### Data provided
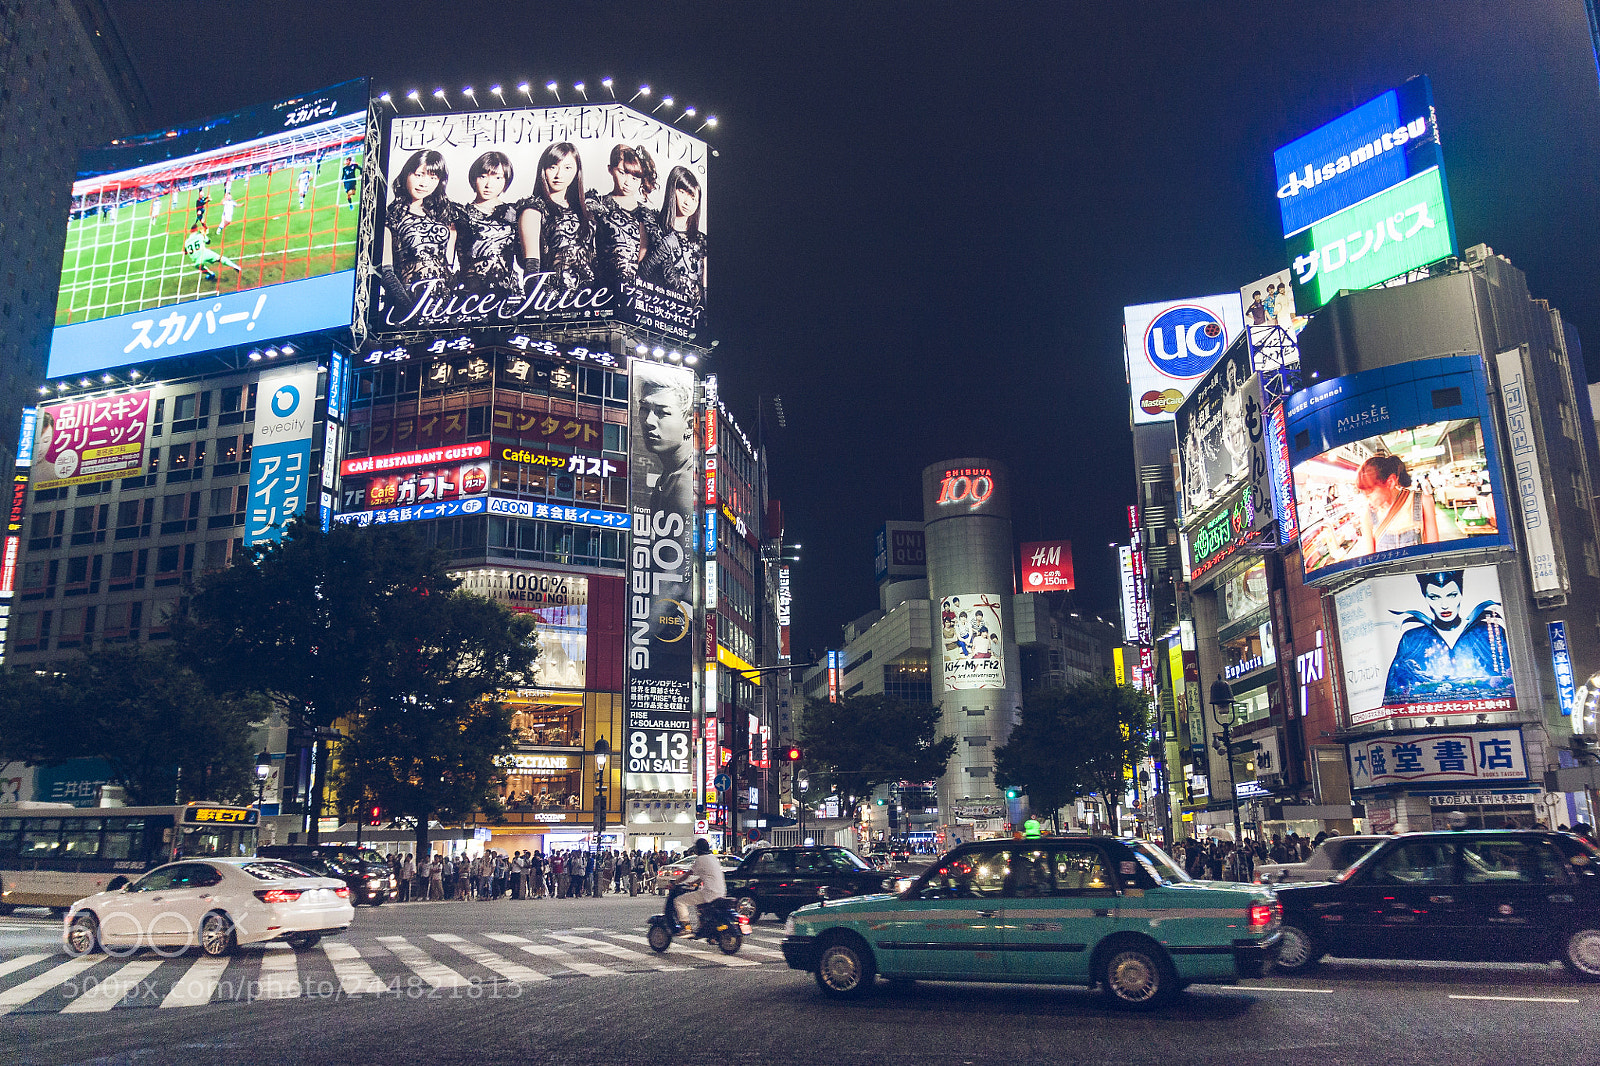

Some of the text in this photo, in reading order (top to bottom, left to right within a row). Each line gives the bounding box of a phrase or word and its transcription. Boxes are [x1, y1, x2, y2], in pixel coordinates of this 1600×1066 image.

[1292, 201, 1435, 285] サロンパス
[665, 290, 688, 303] SINGLE
[428, 336, 473, 353] 月の宴
[508, 335, 559, 356] 月の宴
[567, 347, 616, 366] 月の宴
[1141, 396, 1183, 408] MasterCard
[55, 397, 148, 431] 品川スキン
[54, 418, 145, 453] クリニック
[261, 418, 306, 437] eyecity
[493, 409, 599, 443] コンタクト
[1338, 418, 1390, 434] PLATINUM
[375, 451, 443, 470] RESTAURANT
[444, 444, 483, 460] GUSTO
[1503, 373, 1542, 531] Taisei neon
[567, 455, 618, 478] ガスト
[945, 468, 992, 478] SHIBUYA
[344, 488, 365, 506] 7F
[370, 484, 395, 499] Café
[396, 475, 455, 506] ガスト
[935, 475, 994, 511] 109
[375, 504, 459, 524] 英会話イーオン
[491, 499, 529, 515] AEON
[535, 503, 628, 528] 英会話イーオン
[633, 505, 651, 513] from
[652, 510, 684, 596] SOL
[1031, 545, 1063, 568] H&M
[507, 573, 568, 594] 1000%
[1043, 577, 1068, 586] 150m
[507, 589, 568, 605] WEDDING!
[630, 514, 651, 671] BIGBANG
[659, 615, 680, 625] RISE
[1224, 654, 1263, 680] Euphoria
[630, 711, 649, 719] RISE
[629, 731, 689, 760] 8.13
[629, 759, 689, 773] ON SALE
[1354, 738, 1513, 778] 大盛堂書店
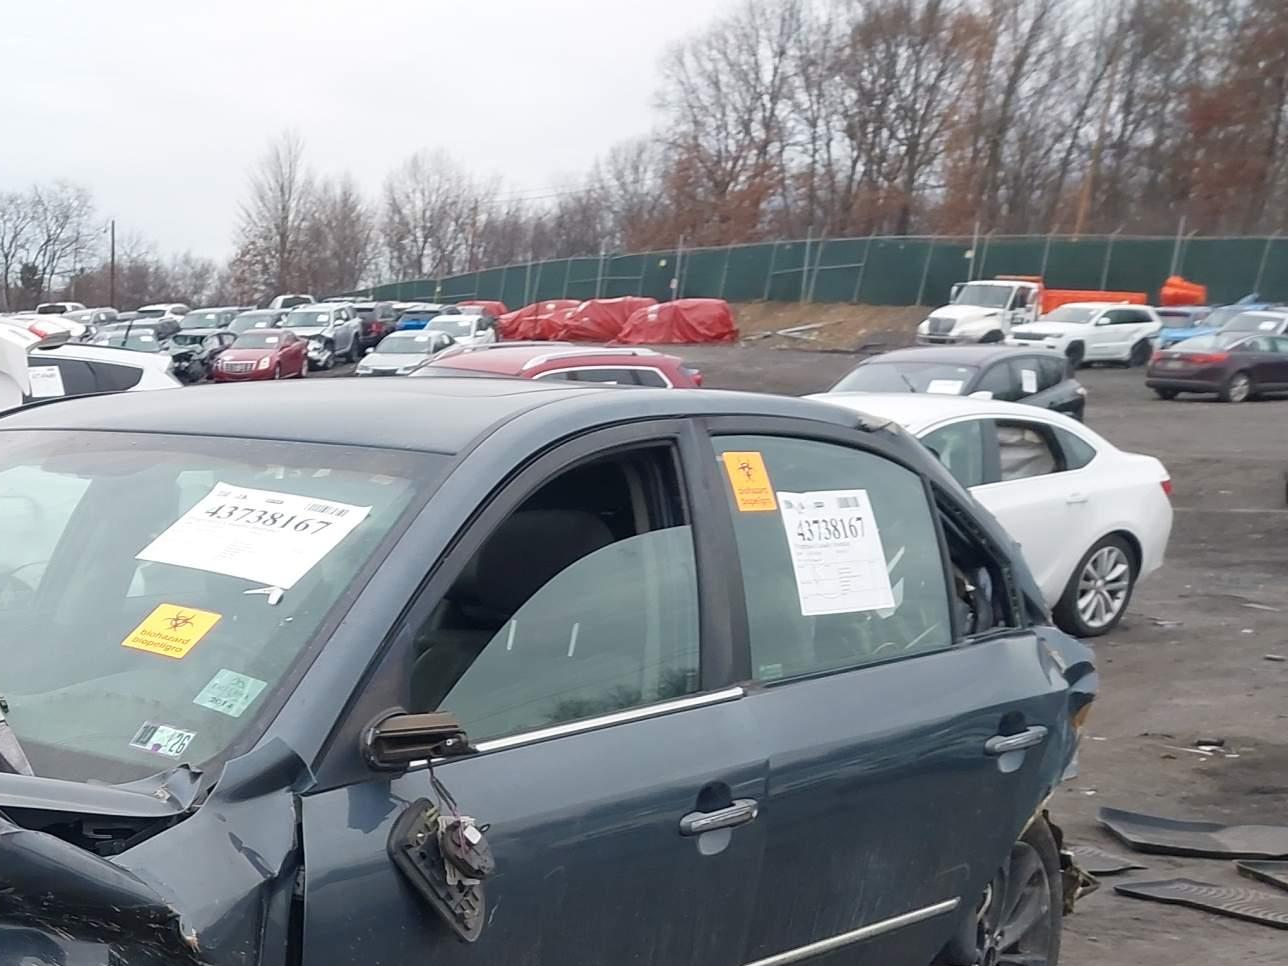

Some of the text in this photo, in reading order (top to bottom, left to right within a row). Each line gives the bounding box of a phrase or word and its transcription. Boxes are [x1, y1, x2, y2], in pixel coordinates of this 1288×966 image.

[205, 504, 333, 535] 43738167
[797, 516, 867, 542] 43738167
[131, 636, 183, 653] biopeligro
[139, 628, 191, 645] biohazard
[168, 733, 191, 754] 26
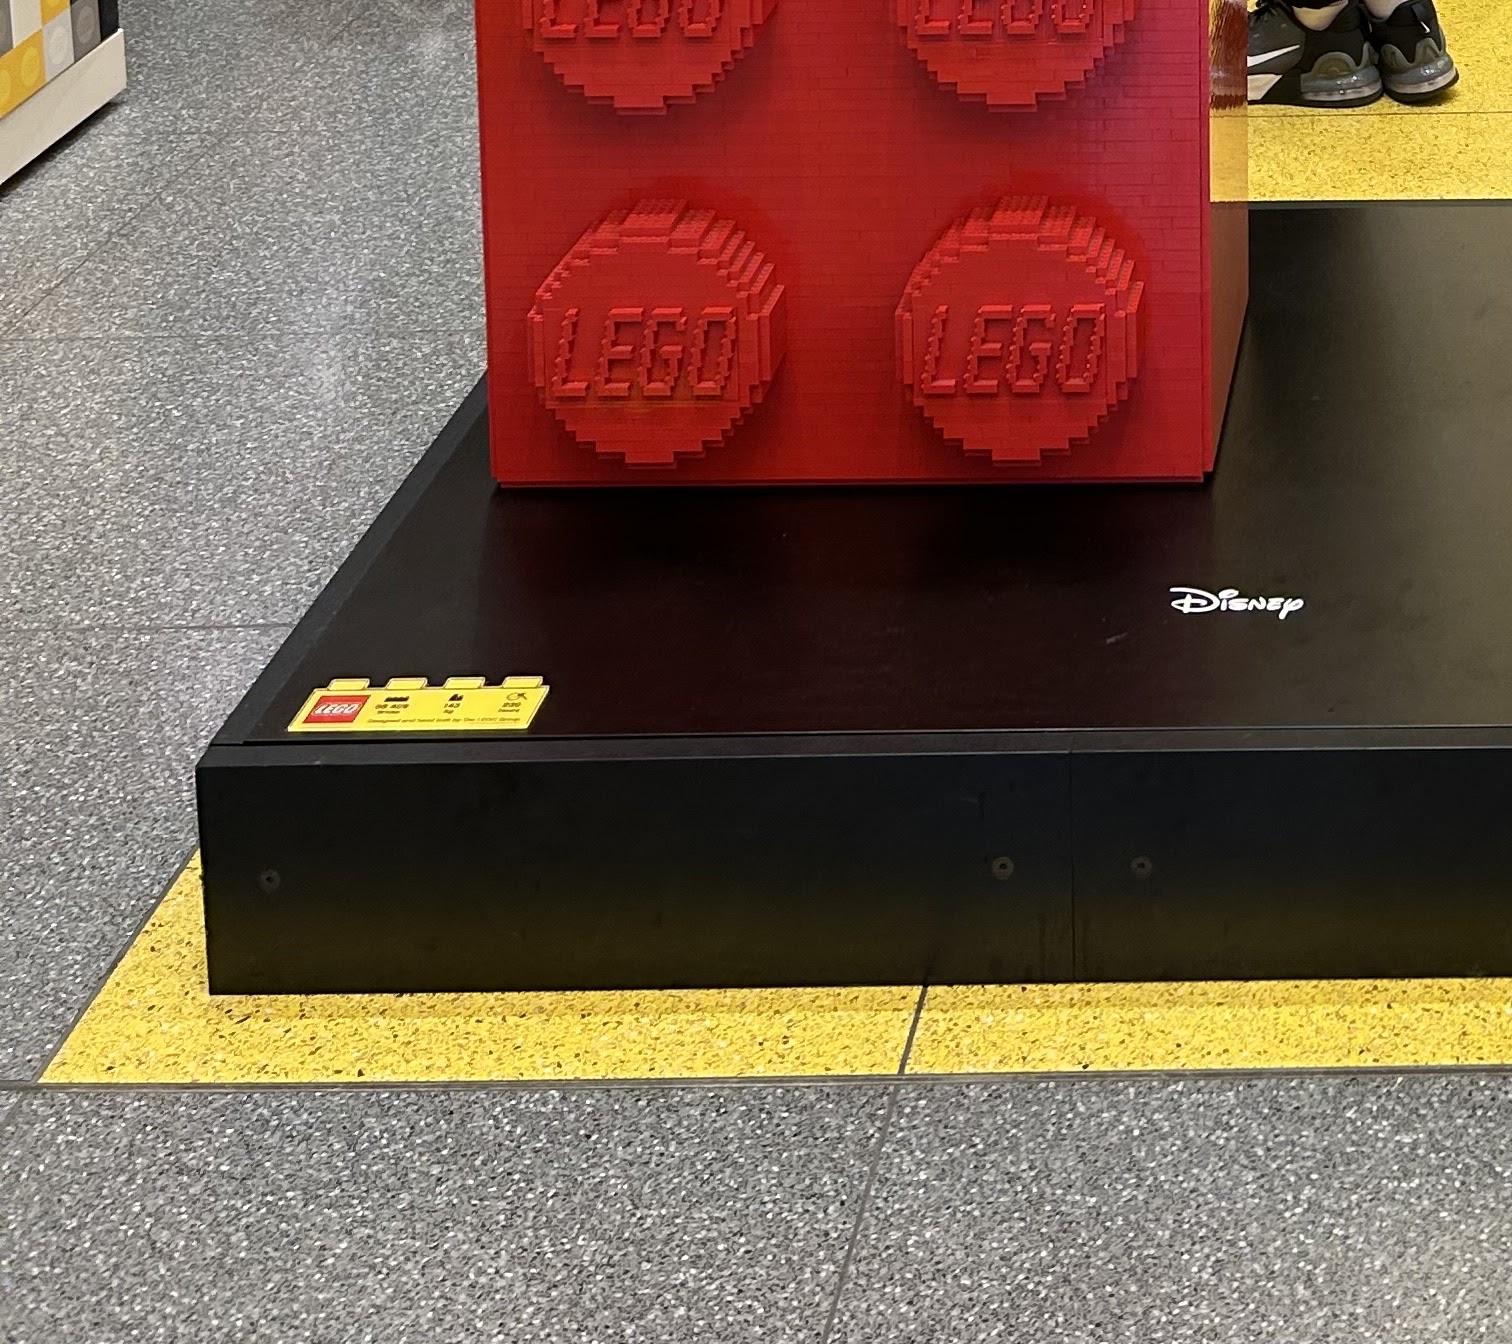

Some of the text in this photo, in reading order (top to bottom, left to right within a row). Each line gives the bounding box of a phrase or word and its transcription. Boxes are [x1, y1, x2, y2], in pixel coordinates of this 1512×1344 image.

[550, 306, 738, 400] LEGO
[920, 303, 1106, 396] LEGO
[1169, 587, 1305, 620] Disney
[313, 701, 363, 716] LEGO

### Exercise description
An exact repetition of all the records above is required, excluding the pictures.

### Task result
Some of the text in this photo, in reading order (top to bottom, left to right within a row). Each line gives the bounding box of a phrase or word and its transcription. Boxes are [x1, y1, x2, y2], in pixel coordinates of this 1600×1066 image.

[1292, 201, 1435, 285] サロンパス
[665, 290, 688, 303] SINGLE
[428, 336, 473, 353] 月の宴
[508, 335, 559, 356] 月の宴
[567, 347, 616, 366] 月の宴
[1141, 396, 1183, 408] MasterCard
[55, 397, 148, 431] 品川スキン
[54, 418, 145, 453] クリニック
[261, 418, 306, 437] eyecity
[493, 409, 599, 443] コンタクト
[1338, 418, 1390, 434] PLATINUM
[375, 451, 443, 470] RESTAURANT
[444, 444, 483, 460] GUSTO
[1503, 373, 1542, 531] Taisei neon
[567, 455, 618, 478] ガスト
[945, 468, 992, 478] SHIBUYA
[344, 488, 365, 506] 7F
[370, 484, 395, 499] Café
[396, 475, 455, 506] ガスト
[935, 475, 994, 511] 109
[375, 504, 459, 524] 英会話イーオン
[491, 499, 529, 515] AEON
[535, 503, 628, 528] 英会話イーオン
[633, 505, 651, 513] from
[652, 510, 684, 596] SOL
[1031, 545, 1063, 568] H&M
[507, 573, 568, 594] 1000%
[1043, 577, 1068, 586] 150m
[507, 589, 568, 605] WEDDING!
[630, 514, 651, 671] BIGBANG
[659, 615, 680, 625] RISE
[1224, 654, 1263, 680] Euphoria
[630, 711, 649, 719] RISE
[629, 731, 689, 760] 8.13
[629, 759, 689, 773] ON SALE
[1354, 738, 1513, 778] 大盛堂書店

Some of the text in this photo, in reading order (top to bottom, left to right within a row). Each line gives the bounding box of a phrase or word and its transcription. Boxes are [x1, y1, x2, y2], in pixel coordinates of this 1288×966 image.

[205, 504, 333, 535] 43738167
[797, 516, 867, 542] 43738167
[131, 636, 183, 653] biopeligro
[139, 628, 191, 645] biohazard
[168, 733, 191, 754] 26

Some of the text in this photo, in reading order (top to bottom, left to right within a row). Each line gives the bounding box of a phrase or word and its transcription. Boxes are [x1, y1, x2, y2], in pixel coordinates of this 1512×1344 image.

[550, 306, 738, 400] LEGO
[920, 303, 1106, 396] LEGO
[1169, 587, 1305, 620] Disney
[313, 701, 363, 716] LEGO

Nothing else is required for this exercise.